TASK STATEMENT
Could you please repeat the data below word for word?

= = = = =

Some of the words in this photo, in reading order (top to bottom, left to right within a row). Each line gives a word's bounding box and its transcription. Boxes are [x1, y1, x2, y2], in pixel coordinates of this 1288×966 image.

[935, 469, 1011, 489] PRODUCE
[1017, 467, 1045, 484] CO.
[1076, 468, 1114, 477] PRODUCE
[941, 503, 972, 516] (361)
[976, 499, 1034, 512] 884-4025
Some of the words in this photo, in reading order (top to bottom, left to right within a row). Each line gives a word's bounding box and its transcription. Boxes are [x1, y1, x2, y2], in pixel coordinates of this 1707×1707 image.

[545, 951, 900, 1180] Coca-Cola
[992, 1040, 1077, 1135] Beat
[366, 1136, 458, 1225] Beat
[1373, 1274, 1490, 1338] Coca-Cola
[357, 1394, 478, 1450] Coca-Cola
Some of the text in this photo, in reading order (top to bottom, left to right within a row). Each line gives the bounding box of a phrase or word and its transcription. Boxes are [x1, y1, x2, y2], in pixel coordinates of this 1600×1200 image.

= = = = =

RESPONSE AREA
Some of the words in this photo, in reading order (top to bottom, left to right within a row). Each line gives a word's bounding box and its transcription. Boxes are [x1, y1, x2, y2], in pixel coordinates of this 1288×966 image.

[935, 469, 1011, 489] PRODUCE
[1017, 467, 1045, 484] CO.
[1076, 468, 1114, 477] PRODUCE
[941, 503, 972, 516] (361)
[976, 499, 1034, 512] 884-4025
Some of the words in this photo, in reading order (top to bottom, left to right within a row). Each line gives a word's bounding box and its transcription. Boxes are [x1, y1, x2, y2], in pixel coordinates of this 1707×1707 image.

[545, 951, 900, 1180] Coca-Cola
[992, 1040, 1077, 1135] Beat
[366, 1136, 458, 1225] Beat
[1373, 1274, 1490, 1338] Coca-Cola
[357, 1394, 478, 1450] Coca-Cola
Some of the text in this photo, in reading order (top to bottom, left to right within a row). Each line gives the bounding box of a phrase or word and its transcription. Boxes are [x1, y1, x2, y2], in pixel coordinates of this 1600×1200 image.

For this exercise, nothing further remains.